I don't know why we as a country don't see just how critical good design is. It seems as if it'd be almost un-American to care.
I know the feeling - and I put it down to distrust of government or regulation.
London has fantastic park / green spaces. In the Victorian and Edwardian eras paternalistic legislation required access to parkland throughout London, and it is virulently defended even today.
In New Jersey/Newark, it feels that such legislation should be fought tooth and nail by every right thinking patriot. In New York, they agree except for the nice bits.
edit: not sure I hit the right note - the US approach to such govenrment "interference" can be beneficial, but its really just part of the DNA, not a easy to change choice. I cannot imagine it changing much.
> In the Victorian and Edwardian eras paternalistic legislation required access to parkland throughout London, and it is virulently defended even today.
Sort of ballpark but not quite exactly true, and a story that deserves telling.
In Victorian and pre Victorian times wealthy landholders had extensive private gardens and follies, the money spent on and by top landscape designers to simulate Arcadia (idealised pastorial setting mixed in with follies after classical antiquity) was substantial and the passive aggressive competition to outdo others ratcheted upwards.
In Victorian times a philanthropic movement started to "gift" the concept of private parks and gardens to the public and the unwashed masses (well, to the middle classes more than to the actual unwashed and more seriously socially challenged).
Rather than being government required parks these were more individual gifts and many were passed into local government management using "peppercorn leases" (some of which I've actually handled) which bestowed the land to the public use in return for a nominal "rent" (a peppercorn a year, or somesuch) and under the proviso that the the land use be retained as public parkland ... if it is not maintained as such then the control of the land reverts back to the original owners and their estates (which now, a few hundred years on would be a nightmare of dividing up prime central city real estate between potentially several hundred related claimants).

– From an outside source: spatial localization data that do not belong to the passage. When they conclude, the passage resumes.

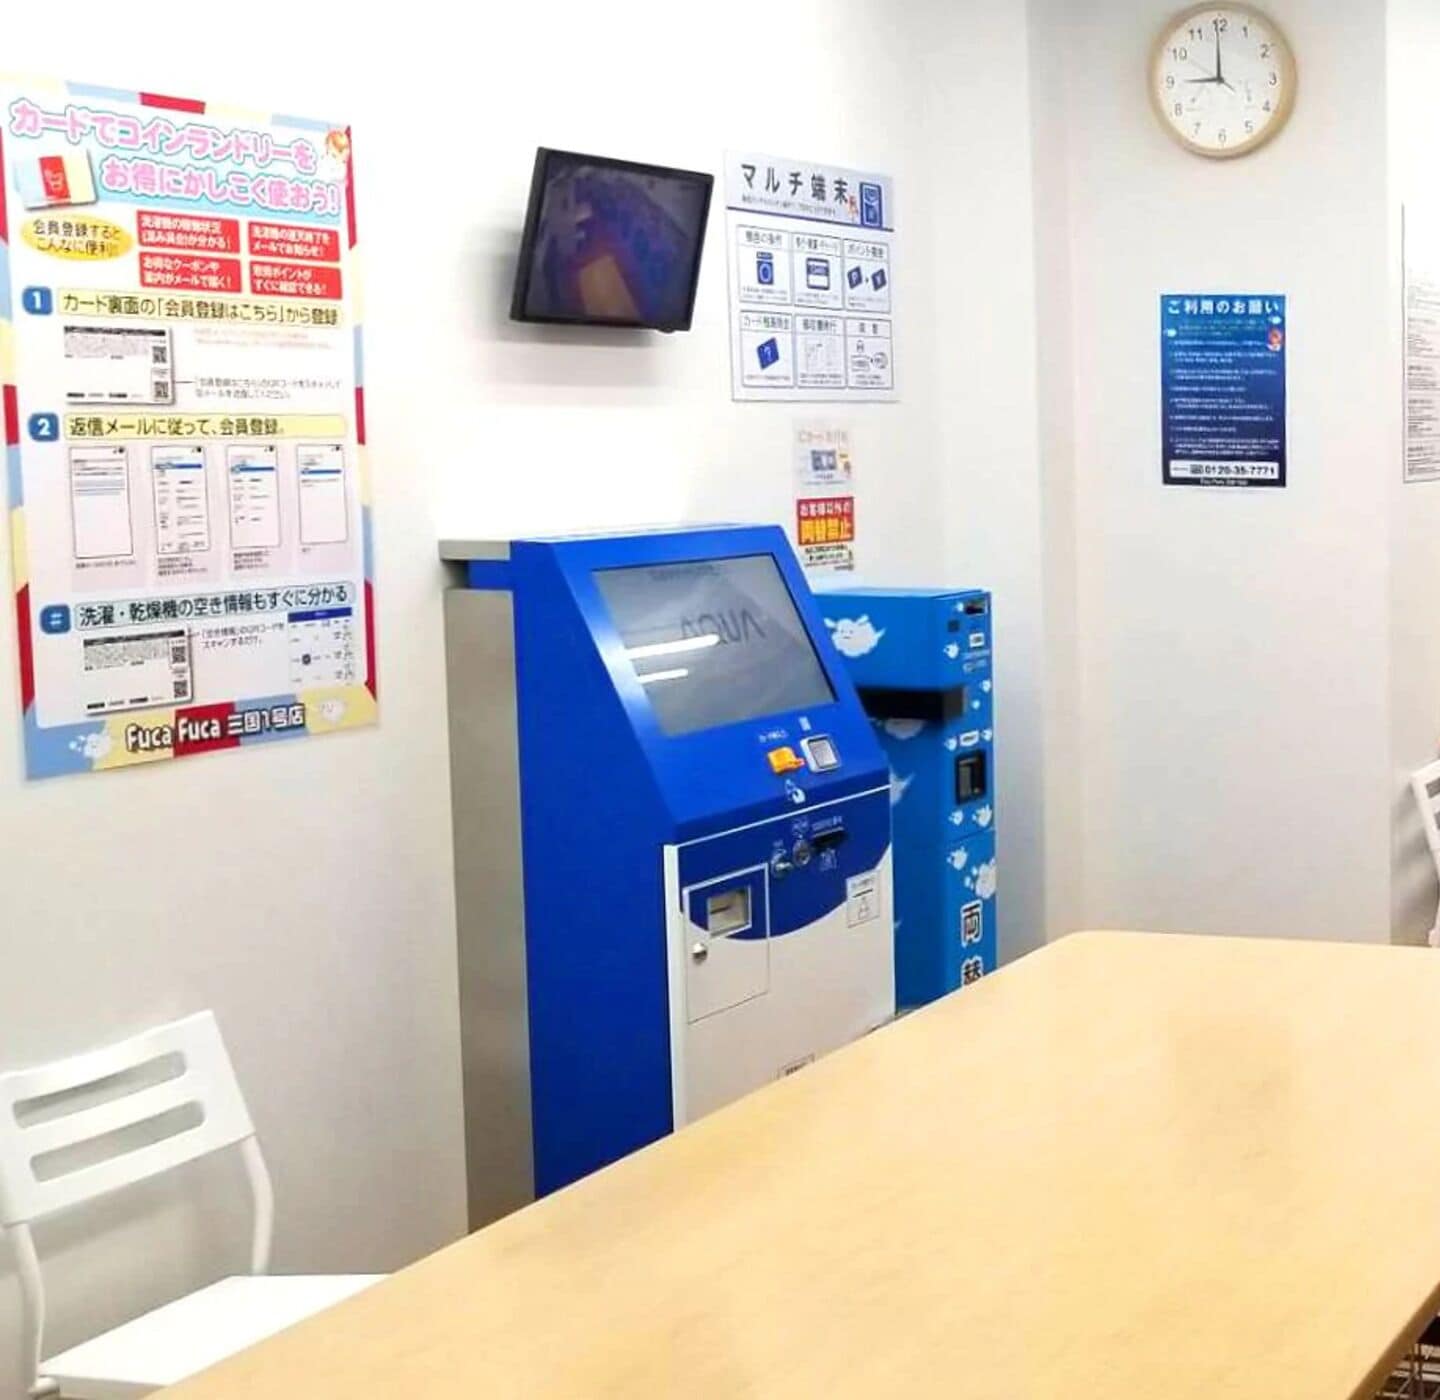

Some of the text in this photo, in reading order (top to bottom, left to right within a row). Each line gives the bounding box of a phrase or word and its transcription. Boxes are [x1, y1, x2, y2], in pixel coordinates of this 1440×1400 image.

[1212, 18, 1228, 32] 12
[1242, 25, 1249, 38] 1
[1188, 28, 1203, 41] 11
[1172, 47, 1188, 61] 10
[1260, 44, 1270, 59] 2
[1166, 75, 1175, 89] 9
[1268, 73, 1277, 86] 3
[1174, 103, 1183, 117] 8
[1262, 100, 1271, 112] 4
[1194, 121, 1202, 134] 7
[1244, 120, 1253, 133] 5
[9, 98, 317, 173] カードでコインランドリーを
[1218, 129, 1227, 143] 6
[741, 163, 849, 205] マルチ端末
[33, 218, 121, 242] 会員登録すると
[63, 294, 338, 324] カード裏面の「会員登録はこちら」から登録
[1167, 299, 1280, 315] ご利用のお願い
[79, 589, 349, 627] 洗濯・乾燥機の空き情報もすぐに分かる
[125, 704, 305, 750] Fuca Fuca 三国1号店

The parks are a result of paternalistic (and often maternalistic) gestures which used land transfer legislation to ensure continued public access in perpetuity.

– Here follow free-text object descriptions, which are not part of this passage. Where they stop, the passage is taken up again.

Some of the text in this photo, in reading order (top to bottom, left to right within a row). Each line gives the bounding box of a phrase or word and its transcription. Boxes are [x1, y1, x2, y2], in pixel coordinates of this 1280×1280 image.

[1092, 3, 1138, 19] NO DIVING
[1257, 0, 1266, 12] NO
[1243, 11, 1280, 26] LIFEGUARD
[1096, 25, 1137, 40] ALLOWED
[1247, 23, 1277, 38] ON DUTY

In the initial days of various parks there are stories of a jar or two of uncracked pepper being sent to the head of the family that granted the land, this was somewhat in light hearted humour and also more or less took care of the rent for a few hundred years into the future.
These days there may well be the odd case in which a centenary celebration for a park might well invite a descendent of the family that bestowed a park and "formally" give them a peppergrinder, I can't think of many off hand.
At some point it may be the case that (say) Hyde Park in Perth, Western Australia becomes delinquent in rent and the descendants of the <redacted> family step up and form a class action demanding the return of the Park to themselves by the City of Vincent (or whomever holds the deed at that point).
The City could settle by simply throwing them a sack of peppercorns to squabble over amongst themselves.
The spirit of the lease is a "forever rental" for a sum of something trivial of actual value ( tea, spice, pepper, etc. once were more valuable in English society ) to make it binding but trivial to pay.
The more interesting case would be if a council did something with the land or a portion of the land that was deemed outside the terms of usage ( a private residence for the mayor rather than a groundskeeper's flat, perhaps ) - if public access wasn't restored then there would be a case to claim back half a billion dollars worth of real estate.
That would be the makings of an epic legal shitstorm and drama.
I guess you can find pros and cons for every different design (or non-design).
Example: if you know just a little bit about Manhattan's geography, you would have an idea where to find 30th street and how to get there from almost any point in Manhattan.
So here's the challenge: without looking at a map, where is Percy St in London?
Many of these "other" places have just had far longer to work out the kinks.
Some parks have all sorts of trails worn bare through the grass so it looks like no one cares enough to use the sidewalks while others nearby have no trails. The others without the trails just wised up and paved where they had been.